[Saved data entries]
####
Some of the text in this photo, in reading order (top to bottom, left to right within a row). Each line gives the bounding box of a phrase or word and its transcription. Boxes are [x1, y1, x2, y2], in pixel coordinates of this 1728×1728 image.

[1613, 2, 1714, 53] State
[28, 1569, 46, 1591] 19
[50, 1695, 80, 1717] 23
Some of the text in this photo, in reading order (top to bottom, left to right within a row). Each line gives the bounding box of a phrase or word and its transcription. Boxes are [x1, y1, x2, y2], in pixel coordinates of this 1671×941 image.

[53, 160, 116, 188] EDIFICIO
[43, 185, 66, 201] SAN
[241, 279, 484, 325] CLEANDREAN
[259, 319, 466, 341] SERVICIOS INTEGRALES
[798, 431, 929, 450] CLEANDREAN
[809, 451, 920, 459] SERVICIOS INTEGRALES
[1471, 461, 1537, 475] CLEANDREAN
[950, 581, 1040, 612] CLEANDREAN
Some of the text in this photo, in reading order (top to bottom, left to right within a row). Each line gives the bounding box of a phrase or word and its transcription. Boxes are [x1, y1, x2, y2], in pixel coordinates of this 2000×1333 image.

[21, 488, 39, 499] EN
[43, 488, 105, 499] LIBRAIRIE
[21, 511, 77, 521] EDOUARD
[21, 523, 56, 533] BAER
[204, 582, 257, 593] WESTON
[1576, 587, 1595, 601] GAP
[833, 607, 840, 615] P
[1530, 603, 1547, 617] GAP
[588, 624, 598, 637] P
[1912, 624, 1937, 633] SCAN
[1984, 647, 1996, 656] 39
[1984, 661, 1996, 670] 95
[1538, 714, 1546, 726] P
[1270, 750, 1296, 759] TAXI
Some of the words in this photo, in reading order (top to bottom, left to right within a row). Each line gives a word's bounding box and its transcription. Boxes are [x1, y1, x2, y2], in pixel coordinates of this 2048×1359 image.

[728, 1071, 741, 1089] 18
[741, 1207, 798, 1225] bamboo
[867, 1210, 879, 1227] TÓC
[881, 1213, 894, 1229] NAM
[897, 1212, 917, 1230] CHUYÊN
####
### Requirement:
So that nothing is lost, write out each record exactly as it appears above.

### Result below:
Some of the text in this photo, in reading order (top to bottom, left to right within a row). Each line gives the bounding box of a phrase or word and its transcription. Boxes are [x1, y1, x2, y2], in pixel coordinates of this 1728×1728 image.

[1613, 2, 1714, 53] State
[28, 1569, 46, 1591] 19
[50, 1695, 80, 1717] 23
Some of the text in this photo, in reading order (top to bottom, left to right within a row). Each line gives the bounding box of a phrase or word and its transcription. Boxes are [x1, y1, x2, y2], in pixel coordinates of this 1671×941 image.

[53, 160, 116, 188] EDIFICIO
[43, 185, 66, 201] SAN
[241, 279, 484, 325] CLEANDREAN
[259, 319, 466, 341] SERVICIOS INTEGRALES
[798, 431, 929, 450] CLEANDREAN
[809, 451, 920, 459] SERVICIOS INTEGRALES
[1471, 461, 1537, 475] CLEANDREAN
[950, 581, 1040, 612] CLEANDREAN
Some of the text in this photo, in reading order (top to bottom, left to right within a row). Each line gives the bounding box of a phrase or word and its transcription. Boxes are [x1, y1, x2, y2], in pixel coordinates of this 2000×1333 image.

[21, 488, 39, 499] EN
[43, 488, 105, 499] LIBRAIRIE
[21, 511, 77, 521] EDOUARD
[21, 523, 56, 533] BAER
[204, 582, 257, 593] WESTON
[1576, 587, 1595, 601] GAP
[833, 607, 840, 615] P
[1530, 603, 1547, 617] GAP
[588, 624, 598, 637] P
[1912, 624, 1937, 633] SCAN
[1984, 647, 1996, 656] 39
[1984, 661, 1996, 670] 95
[1538, 714, 1546, 726] P
[1270, 750, 1296, 759] TAXI
Some of the words in this photo, in reading order (top to bottom, left to right within a row). Each line gives a word's bounding box and its transcription. Boxes are [x1, y1, x2, y2], in pixel coordinates of this 2048×1359 image.

[728, 1071, 741, 1089] 18
[741, 1207, 798, 1225] bamboo
[867, 1210, 879, 1227] TÓC
[881, 1213, 894, 1229] NAM
[897, 1212, 917, 1230] CHUYÊN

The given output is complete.